- This event has passed.
Using a random forest model to predict historical PM2.5 in Alaska
July 13 @ 10:00 am to 11:00 am AKDT
Speaker: Allison Baer | PhD Candidate
University of Maryland, Department of Geographical Sciences
The spatiotemporal coverage of regulatory-grade, ground-based air quality monitoring stations measuring PM2.5 concentrations is low across Alaska. Recently, there has been an increase in the number of low-cost air quality monitoring stations for PM2.5 that expand the spatiotemporal coverage of PM2.5 monitoring in Alaska and globally. This study uses a random forest model to predict PM2.5 concentrations from regulatory-grade data and corrected low-cost air quality monitoring data from the 2019 wildfire season (May through September) in Alaska. Results show that the model predicts a high amount of the variance at over 0.75. These results will inform mapping of PM2.5 continuous concentrations across Alaska.

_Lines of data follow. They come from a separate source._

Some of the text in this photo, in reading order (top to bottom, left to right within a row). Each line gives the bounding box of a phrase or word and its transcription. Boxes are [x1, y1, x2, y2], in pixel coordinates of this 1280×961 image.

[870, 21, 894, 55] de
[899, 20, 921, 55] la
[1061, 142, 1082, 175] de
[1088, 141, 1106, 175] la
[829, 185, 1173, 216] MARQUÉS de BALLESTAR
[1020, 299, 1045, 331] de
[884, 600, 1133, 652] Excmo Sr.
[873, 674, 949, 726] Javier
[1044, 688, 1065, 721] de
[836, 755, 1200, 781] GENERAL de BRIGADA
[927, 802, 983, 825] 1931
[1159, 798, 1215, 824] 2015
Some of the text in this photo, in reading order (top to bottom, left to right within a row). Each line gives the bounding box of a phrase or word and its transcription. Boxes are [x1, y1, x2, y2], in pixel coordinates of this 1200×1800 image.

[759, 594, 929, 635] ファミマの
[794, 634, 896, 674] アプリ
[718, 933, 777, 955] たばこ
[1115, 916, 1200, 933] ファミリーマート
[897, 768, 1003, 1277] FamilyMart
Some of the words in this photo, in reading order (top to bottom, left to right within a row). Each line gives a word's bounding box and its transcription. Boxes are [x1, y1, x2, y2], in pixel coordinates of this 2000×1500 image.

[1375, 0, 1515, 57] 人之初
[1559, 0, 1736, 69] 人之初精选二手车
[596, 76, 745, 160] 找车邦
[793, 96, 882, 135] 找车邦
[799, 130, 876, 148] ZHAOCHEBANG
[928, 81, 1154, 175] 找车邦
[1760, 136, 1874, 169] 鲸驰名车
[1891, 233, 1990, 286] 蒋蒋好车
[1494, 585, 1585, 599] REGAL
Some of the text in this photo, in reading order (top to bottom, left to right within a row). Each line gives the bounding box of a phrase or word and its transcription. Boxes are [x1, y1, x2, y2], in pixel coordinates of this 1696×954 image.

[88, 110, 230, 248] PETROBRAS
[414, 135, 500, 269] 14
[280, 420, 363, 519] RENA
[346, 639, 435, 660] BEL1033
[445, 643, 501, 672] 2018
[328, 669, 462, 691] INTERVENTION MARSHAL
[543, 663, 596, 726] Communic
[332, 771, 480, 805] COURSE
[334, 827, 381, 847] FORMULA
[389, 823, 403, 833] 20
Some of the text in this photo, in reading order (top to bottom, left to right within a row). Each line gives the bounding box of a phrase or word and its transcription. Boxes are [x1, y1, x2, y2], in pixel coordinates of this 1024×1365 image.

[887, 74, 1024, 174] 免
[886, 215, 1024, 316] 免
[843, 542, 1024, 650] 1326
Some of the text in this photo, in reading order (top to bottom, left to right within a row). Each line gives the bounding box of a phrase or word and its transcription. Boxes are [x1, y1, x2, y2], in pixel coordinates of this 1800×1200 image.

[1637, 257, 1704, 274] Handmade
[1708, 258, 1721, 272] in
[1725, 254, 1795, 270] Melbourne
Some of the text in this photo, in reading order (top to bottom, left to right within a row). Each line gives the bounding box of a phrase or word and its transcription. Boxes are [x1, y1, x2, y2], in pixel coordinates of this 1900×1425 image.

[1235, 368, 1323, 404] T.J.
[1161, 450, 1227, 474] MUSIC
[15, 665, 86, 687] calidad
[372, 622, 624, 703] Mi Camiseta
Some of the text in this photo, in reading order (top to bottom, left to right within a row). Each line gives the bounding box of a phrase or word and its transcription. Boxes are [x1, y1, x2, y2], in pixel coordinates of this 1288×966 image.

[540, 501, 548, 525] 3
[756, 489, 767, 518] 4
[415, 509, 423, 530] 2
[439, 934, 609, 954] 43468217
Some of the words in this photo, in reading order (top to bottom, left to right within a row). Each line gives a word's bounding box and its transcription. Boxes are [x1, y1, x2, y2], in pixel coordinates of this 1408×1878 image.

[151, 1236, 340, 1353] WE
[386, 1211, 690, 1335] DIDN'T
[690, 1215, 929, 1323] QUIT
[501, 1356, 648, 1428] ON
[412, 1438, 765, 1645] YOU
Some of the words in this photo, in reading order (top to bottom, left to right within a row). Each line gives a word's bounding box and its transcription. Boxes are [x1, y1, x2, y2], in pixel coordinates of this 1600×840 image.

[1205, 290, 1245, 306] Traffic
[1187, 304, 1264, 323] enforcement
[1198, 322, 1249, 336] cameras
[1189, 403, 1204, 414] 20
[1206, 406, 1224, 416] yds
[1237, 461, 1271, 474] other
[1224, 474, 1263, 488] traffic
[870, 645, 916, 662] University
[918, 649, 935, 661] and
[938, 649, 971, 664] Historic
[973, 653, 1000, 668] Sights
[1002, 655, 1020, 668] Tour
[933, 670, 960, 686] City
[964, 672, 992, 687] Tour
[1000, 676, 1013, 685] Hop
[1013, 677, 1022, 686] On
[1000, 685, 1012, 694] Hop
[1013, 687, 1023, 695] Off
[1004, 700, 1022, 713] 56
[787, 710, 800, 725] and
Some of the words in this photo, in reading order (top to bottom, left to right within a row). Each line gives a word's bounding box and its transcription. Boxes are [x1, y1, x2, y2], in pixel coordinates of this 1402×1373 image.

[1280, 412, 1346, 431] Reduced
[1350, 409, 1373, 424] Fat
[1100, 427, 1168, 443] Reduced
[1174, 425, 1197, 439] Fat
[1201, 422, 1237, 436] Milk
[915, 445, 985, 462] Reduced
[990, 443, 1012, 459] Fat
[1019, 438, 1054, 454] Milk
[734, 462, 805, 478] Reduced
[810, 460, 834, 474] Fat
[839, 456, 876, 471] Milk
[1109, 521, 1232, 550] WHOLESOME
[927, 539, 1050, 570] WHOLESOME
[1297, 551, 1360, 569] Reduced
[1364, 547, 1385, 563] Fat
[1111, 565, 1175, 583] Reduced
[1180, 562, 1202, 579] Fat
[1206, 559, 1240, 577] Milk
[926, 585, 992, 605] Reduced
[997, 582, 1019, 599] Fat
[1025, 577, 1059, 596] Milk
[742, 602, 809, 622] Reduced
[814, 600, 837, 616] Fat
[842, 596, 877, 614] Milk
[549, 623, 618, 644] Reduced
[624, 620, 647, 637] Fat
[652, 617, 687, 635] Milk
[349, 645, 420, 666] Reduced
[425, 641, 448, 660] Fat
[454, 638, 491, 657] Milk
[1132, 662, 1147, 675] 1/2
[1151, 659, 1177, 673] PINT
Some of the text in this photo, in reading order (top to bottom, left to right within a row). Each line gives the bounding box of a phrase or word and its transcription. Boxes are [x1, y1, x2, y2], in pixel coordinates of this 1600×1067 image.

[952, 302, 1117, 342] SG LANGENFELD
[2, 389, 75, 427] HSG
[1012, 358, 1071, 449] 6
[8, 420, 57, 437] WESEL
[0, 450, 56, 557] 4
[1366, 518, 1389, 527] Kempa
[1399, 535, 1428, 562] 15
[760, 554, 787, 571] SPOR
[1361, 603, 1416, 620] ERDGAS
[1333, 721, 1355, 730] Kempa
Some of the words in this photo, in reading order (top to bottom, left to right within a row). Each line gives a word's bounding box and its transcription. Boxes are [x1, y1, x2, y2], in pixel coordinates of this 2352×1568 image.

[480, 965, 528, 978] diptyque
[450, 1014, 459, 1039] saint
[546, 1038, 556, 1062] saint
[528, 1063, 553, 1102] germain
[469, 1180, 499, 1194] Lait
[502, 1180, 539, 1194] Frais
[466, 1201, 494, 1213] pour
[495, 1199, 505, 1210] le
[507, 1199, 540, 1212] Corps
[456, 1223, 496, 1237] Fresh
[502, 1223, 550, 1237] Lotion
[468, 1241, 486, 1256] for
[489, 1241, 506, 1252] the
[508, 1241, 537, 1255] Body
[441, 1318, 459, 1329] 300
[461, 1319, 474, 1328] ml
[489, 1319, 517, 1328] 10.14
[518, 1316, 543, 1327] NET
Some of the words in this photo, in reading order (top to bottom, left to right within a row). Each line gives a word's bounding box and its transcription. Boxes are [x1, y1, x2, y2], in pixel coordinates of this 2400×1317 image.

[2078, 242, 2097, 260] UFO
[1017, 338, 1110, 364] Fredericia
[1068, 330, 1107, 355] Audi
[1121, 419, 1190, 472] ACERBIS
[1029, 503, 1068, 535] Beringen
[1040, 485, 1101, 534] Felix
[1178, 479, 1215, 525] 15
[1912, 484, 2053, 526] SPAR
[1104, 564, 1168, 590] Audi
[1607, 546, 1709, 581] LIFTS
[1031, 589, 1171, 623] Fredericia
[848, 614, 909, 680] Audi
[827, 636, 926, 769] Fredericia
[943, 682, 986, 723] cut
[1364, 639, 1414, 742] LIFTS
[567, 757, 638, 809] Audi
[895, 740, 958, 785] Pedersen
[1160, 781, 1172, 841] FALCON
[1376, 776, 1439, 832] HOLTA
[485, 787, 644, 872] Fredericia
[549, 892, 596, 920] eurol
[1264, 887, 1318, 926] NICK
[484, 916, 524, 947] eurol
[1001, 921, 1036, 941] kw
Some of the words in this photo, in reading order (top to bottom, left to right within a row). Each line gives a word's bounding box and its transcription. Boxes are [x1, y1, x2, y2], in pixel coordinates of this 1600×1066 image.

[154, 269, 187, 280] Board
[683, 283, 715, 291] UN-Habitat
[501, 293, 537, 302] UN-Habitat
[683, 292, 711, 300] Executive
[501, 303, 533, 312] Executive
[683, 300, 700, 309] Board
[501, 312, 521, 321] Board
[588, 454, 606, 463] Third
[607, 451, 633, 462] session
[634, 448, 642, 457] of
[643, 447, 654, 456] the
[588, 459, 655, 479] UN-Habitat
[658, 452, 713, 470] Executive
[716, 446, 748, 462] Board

ACCAP is partnering with NASA’s Arctic-Boreal Vulnerability Experiment (ABoVE) to highlight Alaska research results from this ongoing field campaign. ABoVE is a large-scale study of environmental change and its implications for social-ecological systems. ABoVE links field-based, process-level studies with geospatial data products derived from airborne and satellite sensors, providing a foundation for improving the analysis, and modeling capabilities needed to understand and predict ecosystem responses and societal implications. ABoVE also has occasional webinar series focused on research in Yukon Territory and Northwest Territories.